Ha, if I ever write a shifter book I think I’ll use Wrapping up the Omegas as the title. I like it. This Omega challenge was a short one, designed to fit into a weekend. I read what turned out to be four books and a short story (and one DNF); everything on my To-Be-Read shelf containing the word Omega.

Omega challenge

And it was an interesting experience, which left me wondering about the nature of the omega wolf mythos.

With the exception of Omega Rising (which was a Farscape-like sci-fi), all the books were about shifters and you know what? I don’t think there’s any real consensus about what an omega is. Is he/she the smallest wolf? The weakest? Is it some inborn trait? Earned? Is it the result of breeding? Does it come with special powers? Is it necessarily a bad thing? What does it mean to be omega? It seems to be agreed they’re bottom of the pack, but not how or why.

Sure, it makes sense that different authors would have different takes on what it means to be omega, but I sensed a real reluctance to commit to their ideals, even within the same author’s work.* Often omegas were said to be the weakest, most abused wolf in the pack (that’s what made them omega) but then shown to be strong and self-reliant, rising above their station and expected abilities. But they never seemed able to lose the stigma of ‘omega’ and I was left to wonder why.

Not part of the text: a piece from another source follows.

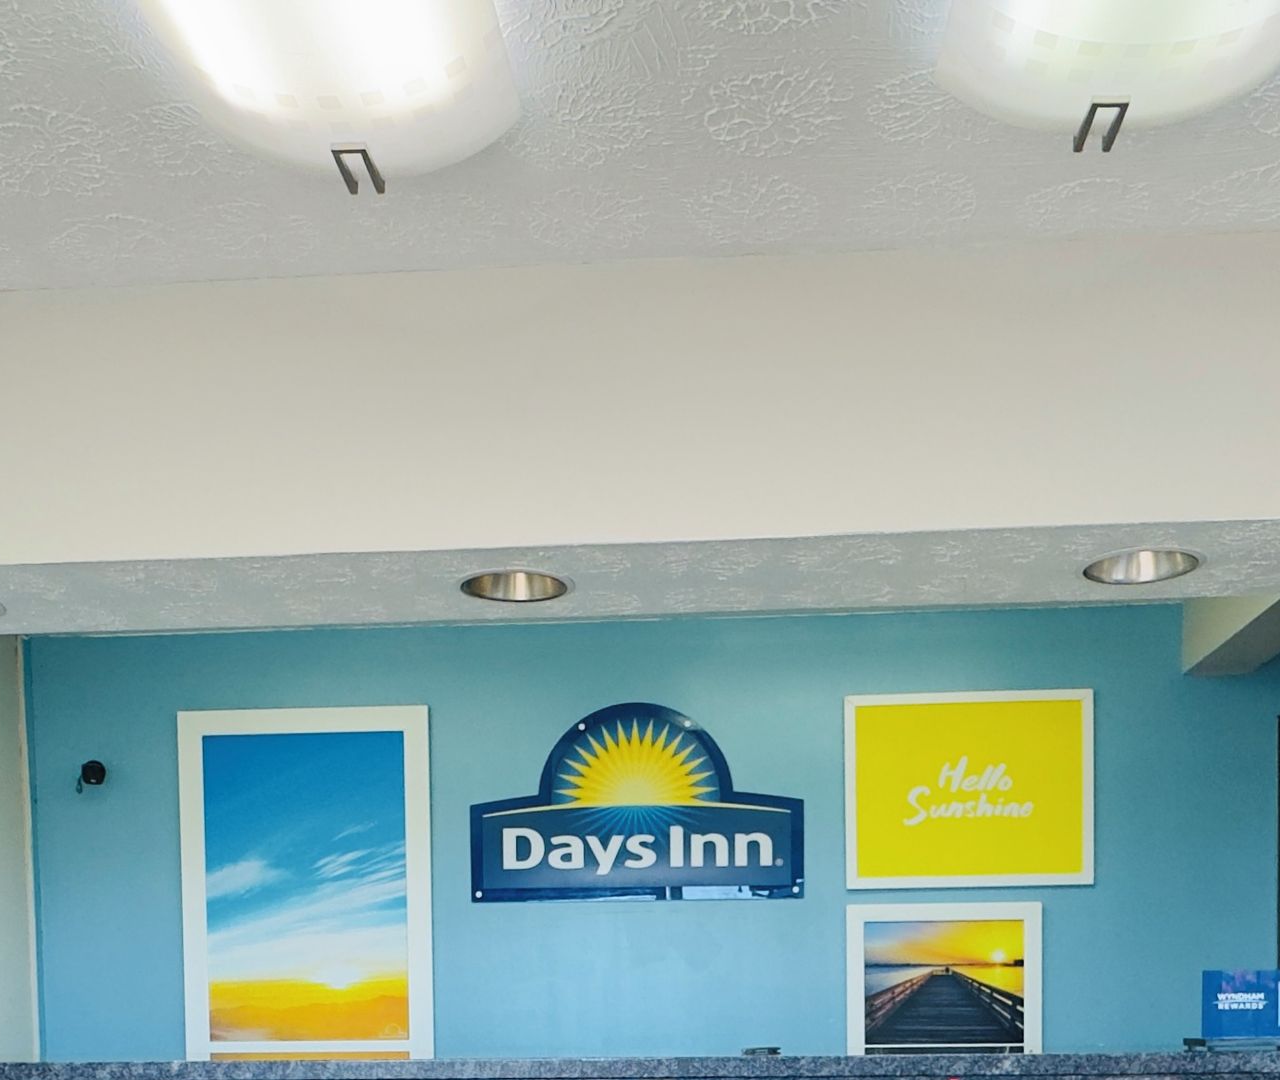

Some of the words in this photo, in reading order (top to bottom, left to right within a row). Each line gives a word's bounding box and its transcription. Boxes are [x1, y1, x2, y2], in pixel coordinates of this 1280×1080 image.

[938, 755, 1013, 792] Hello
[903, 786, 1034, 826] Sunshine
[502, 827, 657, 876] Days
[670, 825, 773, 867] Inn

I sense in this the need to set a character up as a victim before redeeming them with a show of strength. Something any reader of hetero romance will recognize. How many heroines have been raped, are fleeing abusive relationships, or come from traumatic childhoods? This idea of a weak, abused omega werewolf just seems to be a codification of one particular kind of victim to victory trope.

And this is fine, really, except that it kind of doesn’t work for me. Because they’re either these beat down dogs or they’re not and, in the majority of the stories I just read, the authors tried to make them both. In one case, the author twisted the plot so hard, trying to accomplish this that she/he simply violated what I understood to be the laws of the world they constructed.

This was my main take away from the experience of immersing myself in a weekend of shifter omega-ness. There were other, smaller ones too. Omegas seem overwhelmingly likely to be claimed by alphas, the leaders of the pack (usually the most powerful one available). ‘Alpha’ and ‘omega’ tend to be such strong aspects of a character’s character that they negate all else.

On a wider scale, other than betas (second in command) there don’t seem to be any other ranks to a werewolf pack and none of those wolves matter and there seems to be a language to werewolves, that while obviously originating somewhere, is being adopted on a wider scale. The idea of going ‘loup’ for an out of control wolf, the soul ‘mate,’ descriptions of inner wolves ‘pacing’ and ‘clawing’ to be free, a ‘scion’ being the son of an alpha. Some of this I recognized as ubiquitous to the paranormal genre, but some struck me as possibly lifted straight from other, more well-known books and series.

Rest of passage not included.